▶ _WHAT THIS TASK INVOLVES_:
Pictures must be dropped from the copy of the entries below; all else is returned exactly.

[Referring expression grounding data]

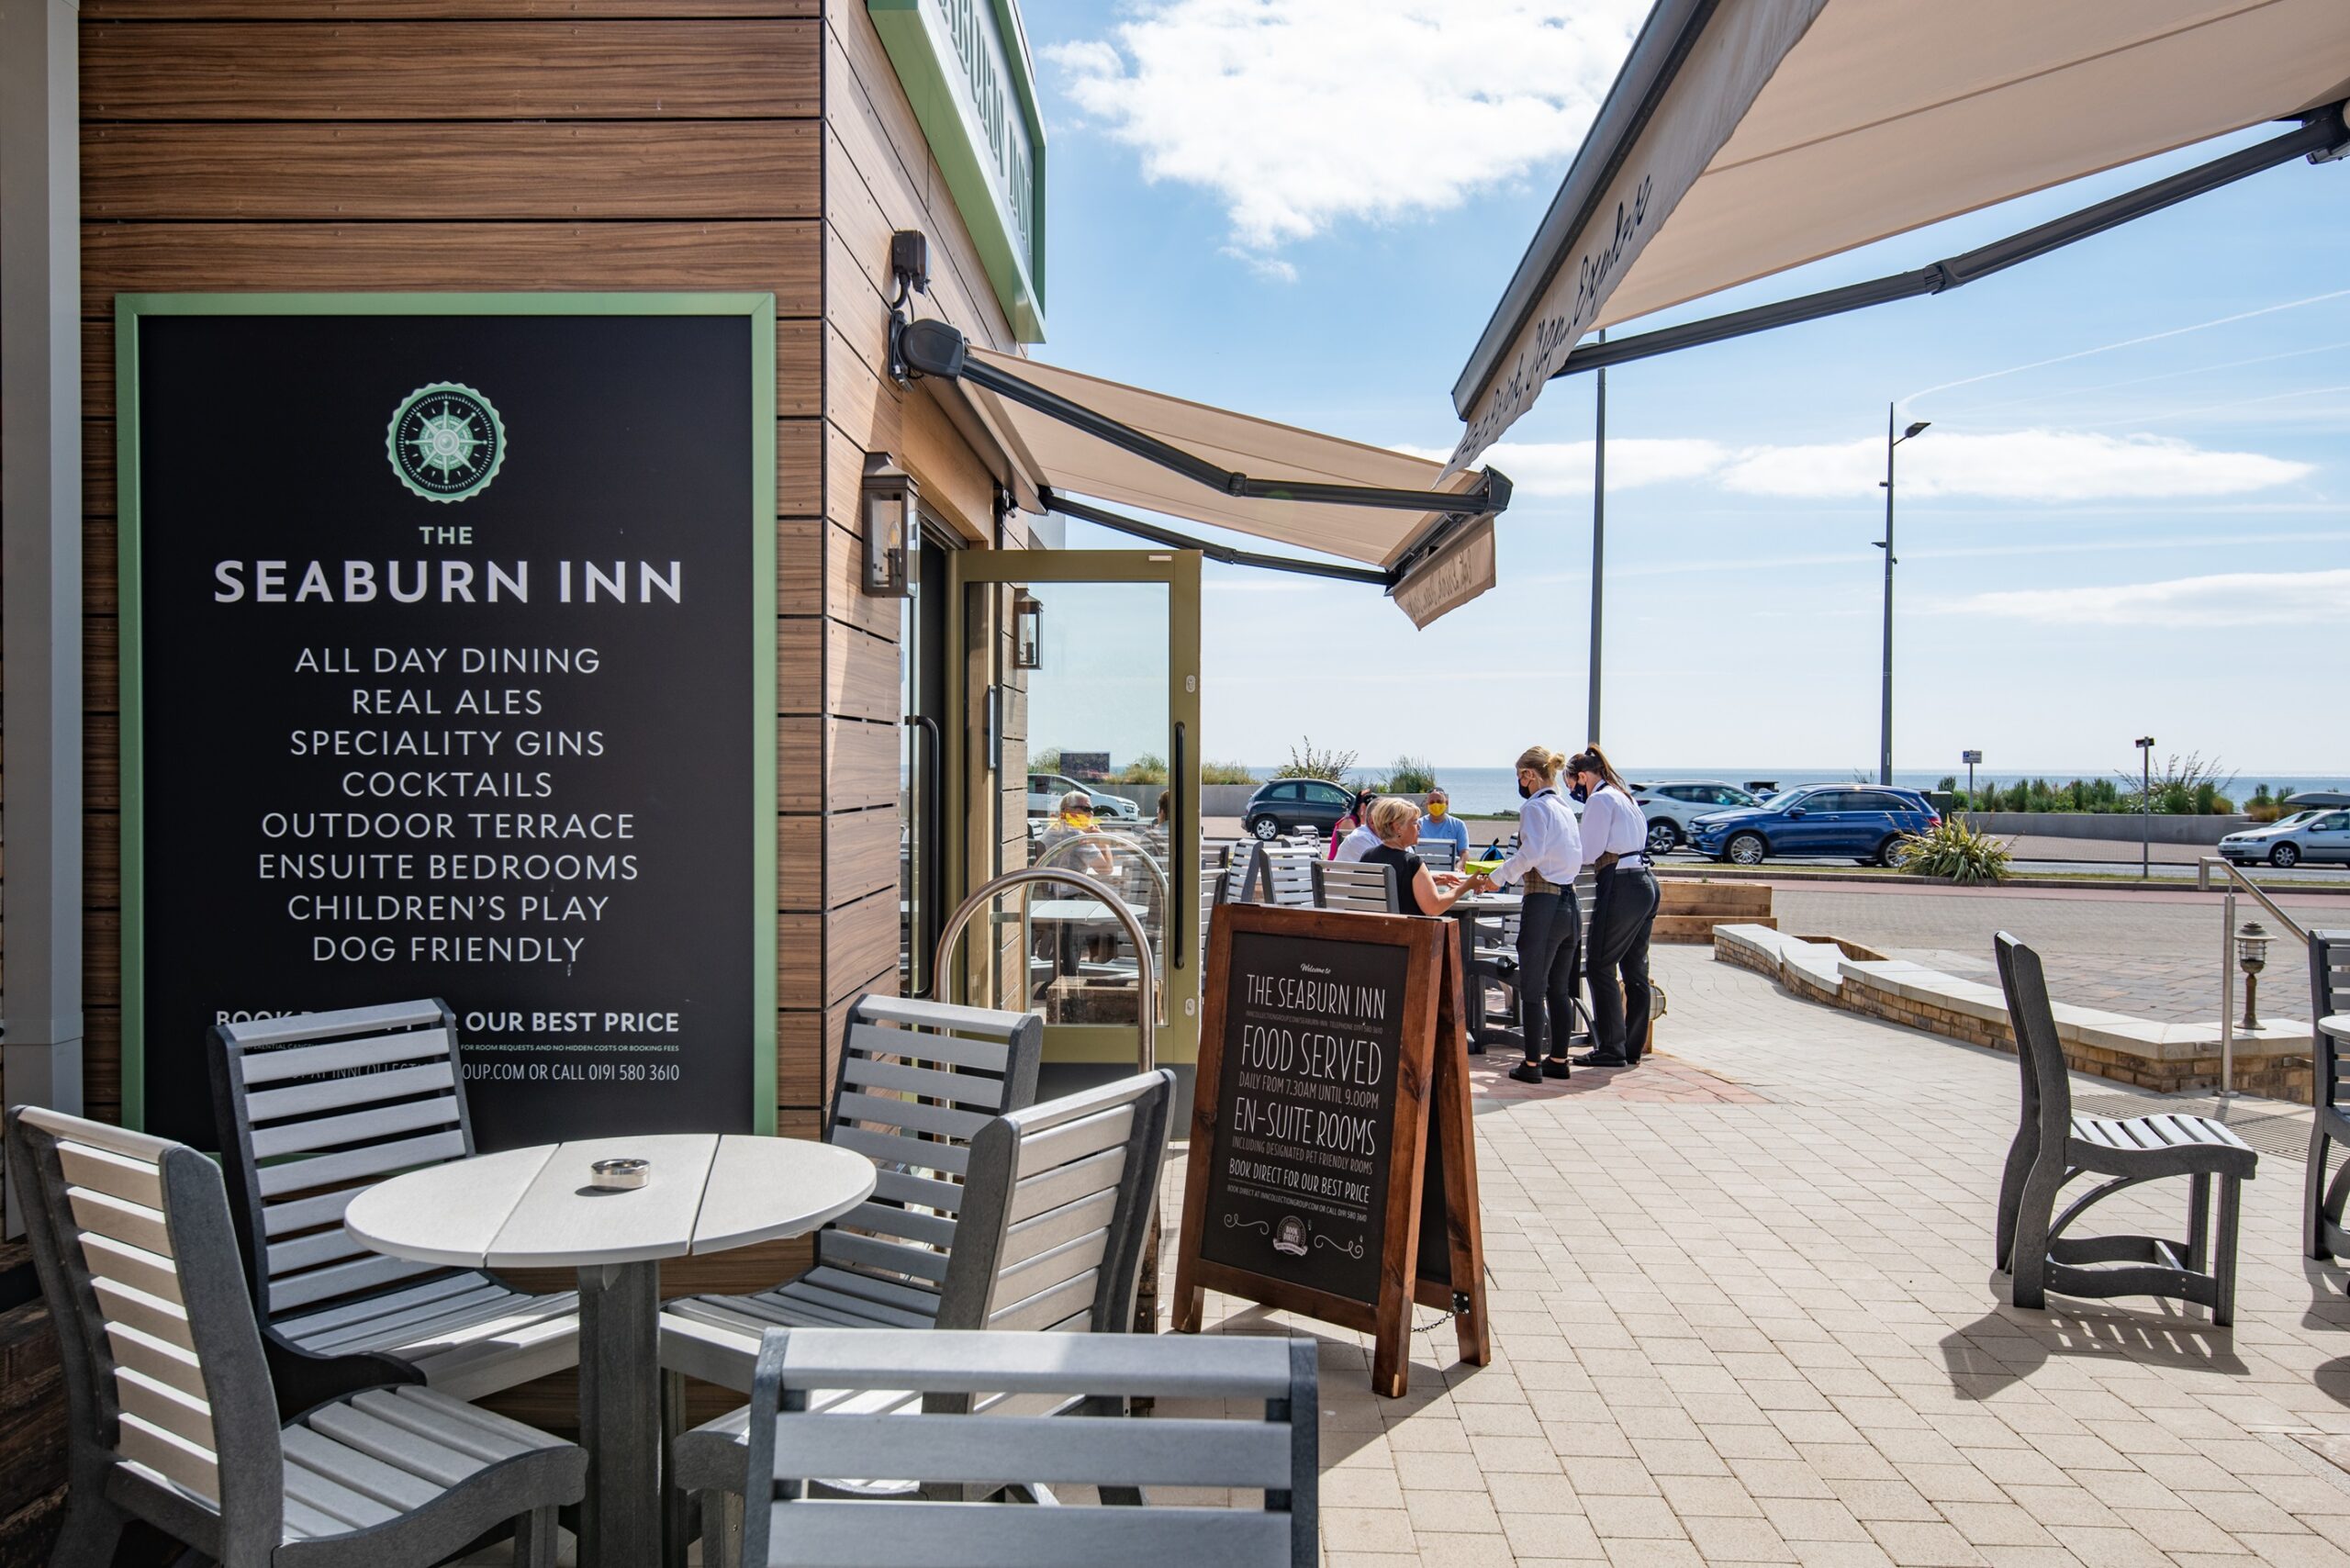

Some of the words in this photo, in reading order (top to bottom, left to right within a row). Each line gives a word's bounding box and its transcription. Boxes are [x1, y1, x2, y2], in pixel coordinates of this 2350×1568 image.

[1008, 120, 1032, 256] INN
[1572, 174, 1651, 324] Explore
[420, 527, 473, 545] THE
[215, 560, 529, 603] SEABURN
[560, 560, 681, 604] INN
[295, 647, 360, 673] ALL
[375, 647, 448, 673] DAY
[462, 647, 599, 674] DINING
[352, 689, 442, 714] REAL
[454, 689, 543, 715] ALES
[290, 730, 502, 756] SPECIALITY
[515, 730, 604, 756] GINS
[342, 771, 553, 798] COCKTAILS
[262, 812, 455, 839] OUTDOOR
[467, 813, 634, 839] TERRACE
[260, 854, 414, 879] ENSUITE
[430, 854, 638, 880] BEDROOMS
[521, 895, 610, 922] PLAY
[314, 935, 396, 962] DOG
[411, 936, 585, 962] FRIENDLY
[1300, 963, 1325, 974] Welcome
[1247, 974, 1273, 1005] THE
[1278, 978, 1349, 1014] SEABURN
[1356, 987, 1384, 1019] INN
[465, 1012, 525, 1032] OUR
[532, 1012, 598, 1032] BEST
[604, 1012, 679, 1033] PRICE
[498, 1044, 534, 1052] REQUESTS
[1242, 1025, 1292, 1071] FOOD
[1300, 1033, 1381, 1085] SERVED
[529, 1063, 549, 1081] OR
[552, 1064, 586, 1081] CALL
[588, 1064, 615, 1081] 0191
[619, 1064, 645, 1081] 580
[649, 1064, 680, 1081] 3610
[1239, 1071, 1260, 1089] DAILY
[1262, 1075, 1283, 1093] FROM
[1286, 1080, 1316, 1099] 7.30AM
[1318, 1084, 1342, 1103] UNTIL
[1346, 1089, 1379, 1109] 9.00PM
[1235, 1097, 1313, 1143] EN-SUITE
[1316, 1111, 1376, 1155] ROOMS
[1233, 1136, 1265, 1153] INCLUDING
[1267, 1142, 1304, 1160] DESIGNATED
[1305, 1149, 1317, 1163] PET
[1319, 1152, 1348, 1170] FRIENDLY
[1350, 1159, 1372, 1175] ROOMS
[1227, 1184, 1240, 1193] BOOK
[1240, 1187, 1254, 1195] DIRECT
[1229, 1158, 1251, 1177] BOOK
[1253, 1163, 1281, 1183] DIRECT
[1284, 1170, 1299, 1188] FOR
[1302, 1173, 1318, 1192] OUR
[1322, 1177, 1343, 1196] BEST
[1345, 1182, 1370, 1203] PRICE

▶ _RESPONSE TO THE EXERCISE_:
Some of the words in this photo, in reading order (top to bottom, left to right within a row). Each line gives a word's bounding box and its transcription. Boxes are [x1, y1, x2, y2], in pixel coordinates of this 2350×1568 image.

[1008, 120, 1032, 256] INN
[1572, 174, 1651, 324] Explore
[420, 527, 473, 545] THE
[215, 560, 529, 603] SEABURN
[560, 560, 681, 604] INN
[295, 647, 360, 673] ALL
[375, 647, 448, 673] DAY
[462, 647, 599, 674] DINING
[352, 689, 442, 714] REAL
[454, 689, 543, 715] ALES
[290, 730, 502, 756] SPECIALITY
[515, 730, 604, 756] GINS
[342, 771, 553, 798] COCKTAILS
[262, 812, 455, 839] OUTDOOR
[467, 813, 634, 839] TERRACE
[260, 854, 414, 879] ENSUITE
[430, 854, 638, 880] BEDROOMS
[521, 895, 610, 922] PLAY
[314, 935, 396, 962] DOG
[411, 936, 585, 962] FRIENDLY
[1300, 963, 1325, 974] Welcome
[1247, 974, 1273, 1005] THE
[1278, 978, 1349, 1014] SEABURN
[1356, 987, 1384, 1019] INN
[465, 1012, 525, 1032] OUR
[532, 1012, 598, 1032] BEST
[604, 1012, 679, 1033] PRICE
[498, 1044, 534, 1052] REQUESTS
[1242, 1025, 1292, 1071] FOOD
[1300, 1033, 1381, 1085] SERVED
[529, 1063, 549, 1081] OR
[552, 1064, 586, 1081] CALL
[588, 1064, 615, 1081] 0191
[619, 1064, 645, 1081] 580
[649, 1064, 680, 1081] 3610
[1239, 1071, 1260, 1089] DAILY
[1262, 1075, 1283, 1093] FROM
[1286, 1080, 1316, 1099] 7.30AM
[1318, 1084, 1342, 1103] UNTIL
[1346, 1089, 1379, 1109] 9.00PM
[1235, 1097, 1313, 1143] EN-SUITE
[1316, 1111, 1376, 1155] ROOMS
[1233, 1136, 1265, 1153] INCLUDING
[1267, 1142, 1304, 1160] DESIGNATED
[1305, 1149, 1317, 1163] PET
[1319, 1152, 1348, 1170] FRIENDLY
[1350, 1159, 1372, 1175] ROOMS
[1227, 1184, 1240, 1193] BOOK
[1240, 1187, 1254, 1195] DIRECT
[1229, 1158, 1251, 1177] BOOK
[1253, 1163, 1281, 1183] DIRECT
[1284, 1170, 1299, 1188] FOR
[1302, 1173, 1318, 1192] OUR
[1322, 1177, 1343, 1196] BEST
[1345, 1182, 1370, 1203] PRICE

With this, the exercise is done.